JOLE SANTELLI: Fi è Berlusconi: va amato. Tutti gli altri siete nessuno

Santelli e B     di RICCARDO TRIPEPI -

Alla vigilia di Pasqua Jole Santelli fornisce la sua “rappresentazione” di Forza Italia. Per farlo sceglie, come sempre più spesso le capita, facebook. La coordinatrice regionale ha creato una nuova pagina social per spiegare il momento che gli azzurri stanno vivendo.

La sua chiave di lettura è chiara: Forza Italia è ancora un partito leaderistico e in esso non ha senso parlare di correnti. “Leggo che ci sarebbe una corrente di Fitto, una corrente di Verdini ed una corrente di Maria Rosaria Rossi – afferma Jole Santelli - Leggo ancora che i calabresi sarebbero distinti e troverebbero casa nelle varie correnti. Anche io mi ritrovo iscritta in una corrente. Per chiarire meglio ed evitare di mandare un messaggio in totale contrasto con quello che mi sforzo giornalmente di dire ed attuare per quanto mi riguarda Fi non ha correnti. Per quanto io credo e penso l'idea stessa di creare una corrente significa mettere in discussione l'impianto di un partito leaderistico e quindi mettersi contro Silvio Berlusconi. Fi è un partito anomalo perché orizzontale, riconosce un solo capo, Berlusconi, cui nessuno, vis à vis ha il coraggio di mettersi contro in modo palese se non premettendo di farlo in nome del berlusconismo”.

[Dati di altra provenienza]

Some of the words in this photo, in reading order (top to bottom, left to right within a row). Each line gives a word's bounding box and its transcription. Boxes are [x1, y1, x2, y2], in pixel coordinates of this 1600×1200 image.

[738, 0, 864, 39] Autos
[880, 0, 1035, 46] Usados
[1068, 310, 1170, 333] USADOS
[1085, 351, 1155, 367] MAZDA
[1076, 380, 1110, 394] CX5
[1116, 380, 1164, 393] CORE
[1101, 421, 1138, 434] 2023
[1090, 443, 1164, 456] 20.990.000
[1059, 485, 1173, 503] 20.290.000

Un concetto duro da digerire per chi, a tutte le latitudini, si sforza di inserire meccanismi di democrazia (ad esempio le primarie) in un partito che sta subendo una vera e propria emorragia di consensi da quando Berlusconi ha dovuto lasciare l’incarico di premier.

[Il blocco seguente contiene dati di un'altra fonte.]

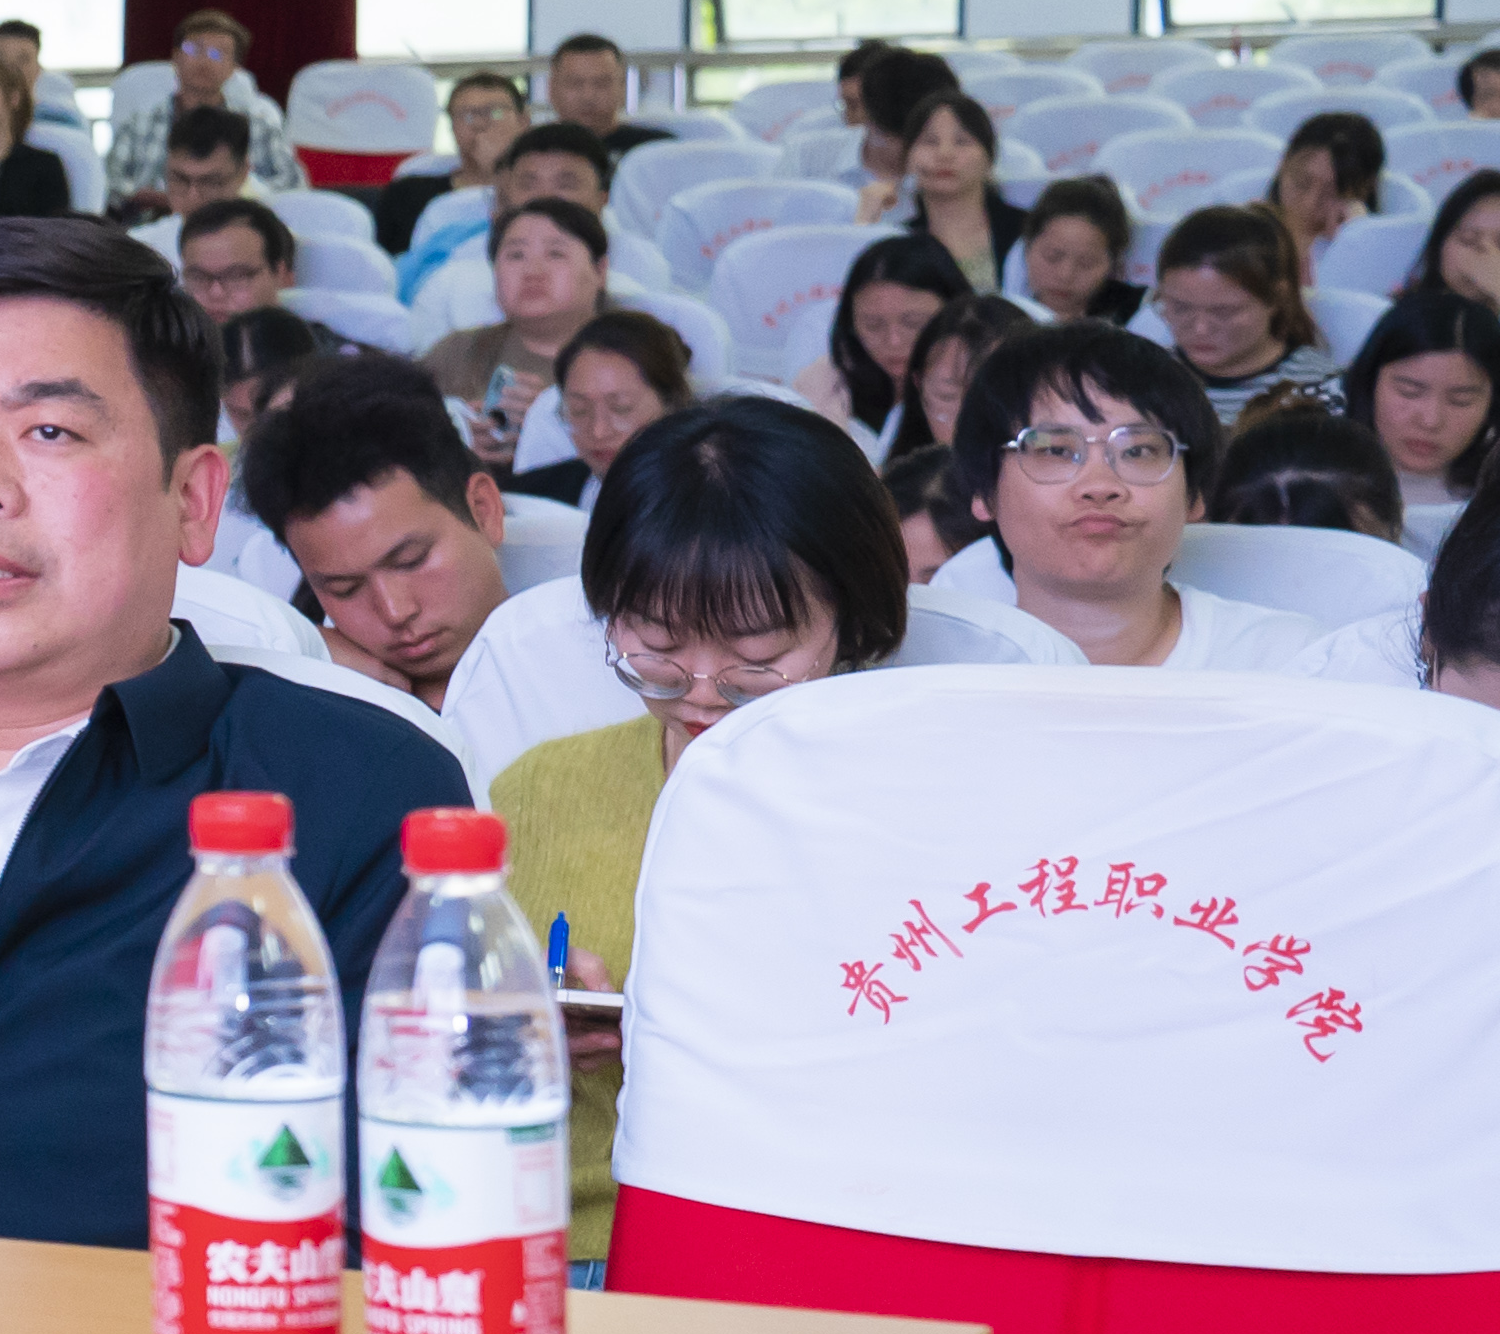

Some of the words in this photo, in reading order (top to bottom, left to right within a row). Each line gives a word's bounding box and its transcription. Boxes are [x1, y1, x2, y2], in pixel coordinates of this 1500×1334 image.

[840, 855, 1363, 1063] 贵州工程职业学院

La Santelli, però, un punto lo centra. Per quanto gli esponenti delle varie correnti critichino le gestioni attuali non hanno poi il coraggio di esporsi o di arrivare allo scontro finale. Non lo fa Raffaele Fitto, non lo fanno in Calabria gli esponenti principali del dissenso interno (Galati, Foti, Mancini e compagnia cantante). Il prezzo di uno scontro frontale con il leader, così come lo chiama Jole, sarebbe troppo elevato. Ne sa qualcosa Gianfranco Fini e, probabilmente, ne saprà presto qualcosa anche Angelino Alfano.

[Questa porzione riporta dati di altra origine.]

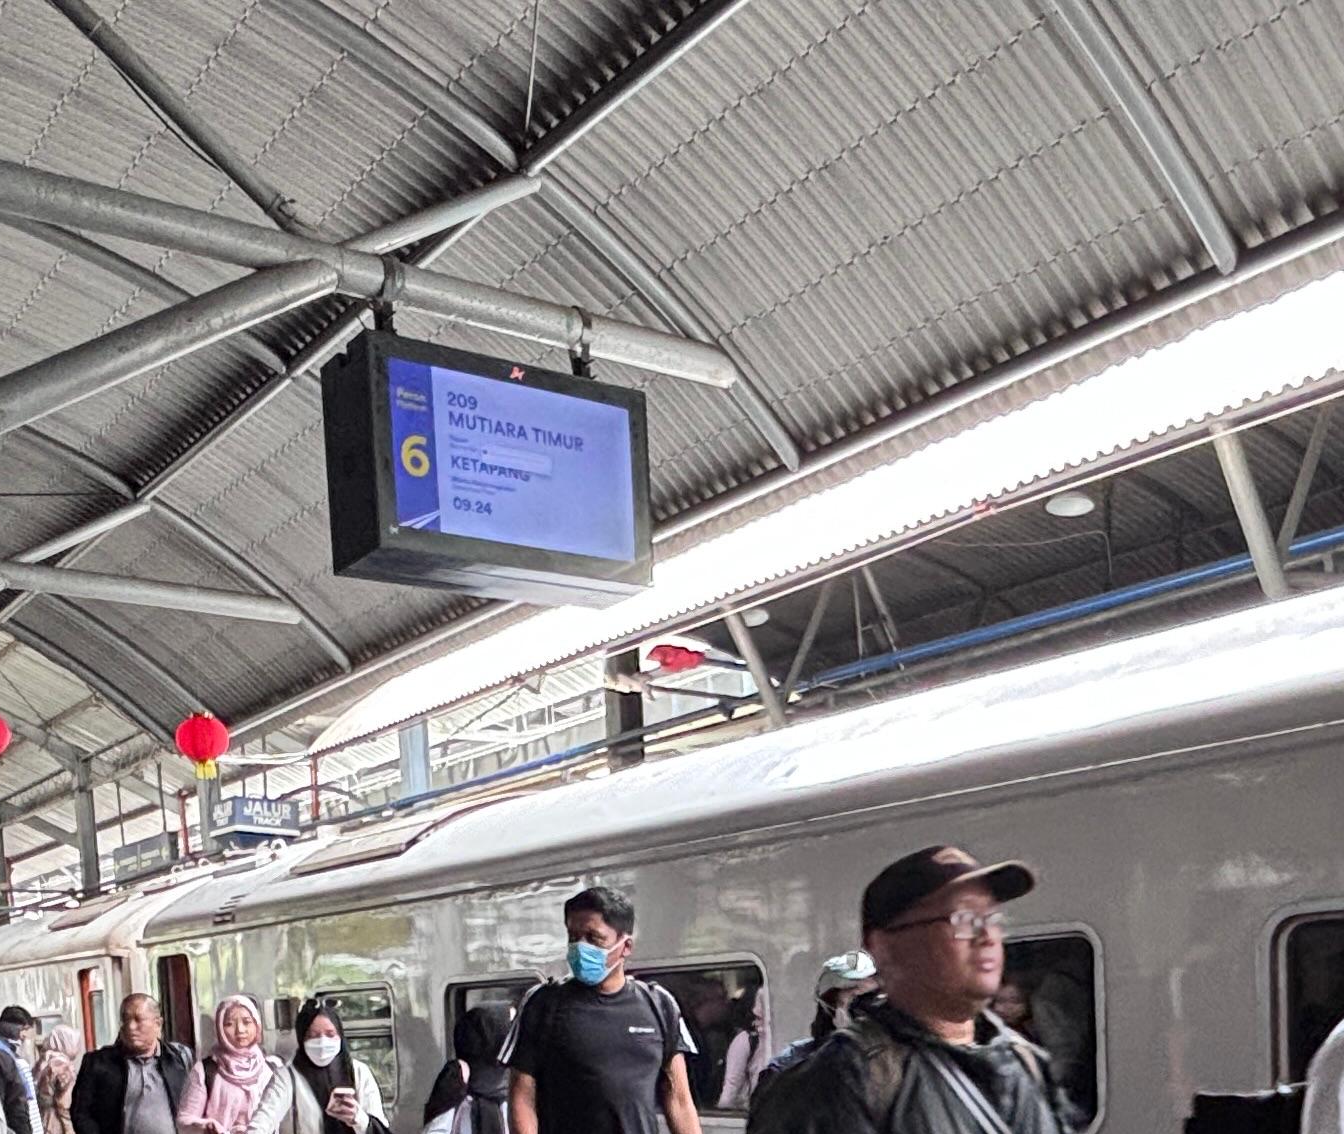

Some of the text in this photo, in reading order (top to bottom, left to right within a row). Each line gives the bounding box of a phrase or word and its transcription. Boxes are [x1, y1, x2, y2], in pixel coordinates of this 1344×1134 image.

[447, 391, 478, 410] 209
[448, 411, 584, 452] MUTIARA TIMUR
[400, 434, 430, 478] 6
[452, 495, 493, 515] 09.24
[242, 800, 292, 820] JALUR
[253, 816, 283, 827] TRACK

“È l'incompatibilità genetica di essere antiberlusconiani in Fi che determina una serie di ambiguità – spiega ancora la coordinatrice regionale - Perché la differenza effettiva fra un partito tradizionale ed un partito leaderistico è che il primo gioca sul campo dell'autorità, si misurano le componenti in campo in relazione alla dimostrazione di forza di ciascuna di esse. Il secondo poggia sul carisma e sull'autorevolezza del Capo, il Capo non è mai temuto ma amato, il Capo affascina ed unisce, soprattutto il Capo lega a sé l'elettorato in modo diretto e senza elementi intermedi, al contrario del partito tradizionale costruito su gerarchia e conquista di gradi. Sono due modi diversi d'intendere il rapporto con le persone, farsi temere, stimare o legarle a sé da interessi oppure farsi amare. Essere Capo o Amico. Il partito leaderistico è una tavola rotonda dove trionfa il confronto, ma le idee di ciascuno hanno il medesimo valore di aiuto al Capo che fa sintesi e decide”.

E, traducendo la rappresentazione in termini volgari, fino a quando ci sarà Berlusconi in sella è assai difficile che qualcosa cambi anche nella gestione del partito calabrese.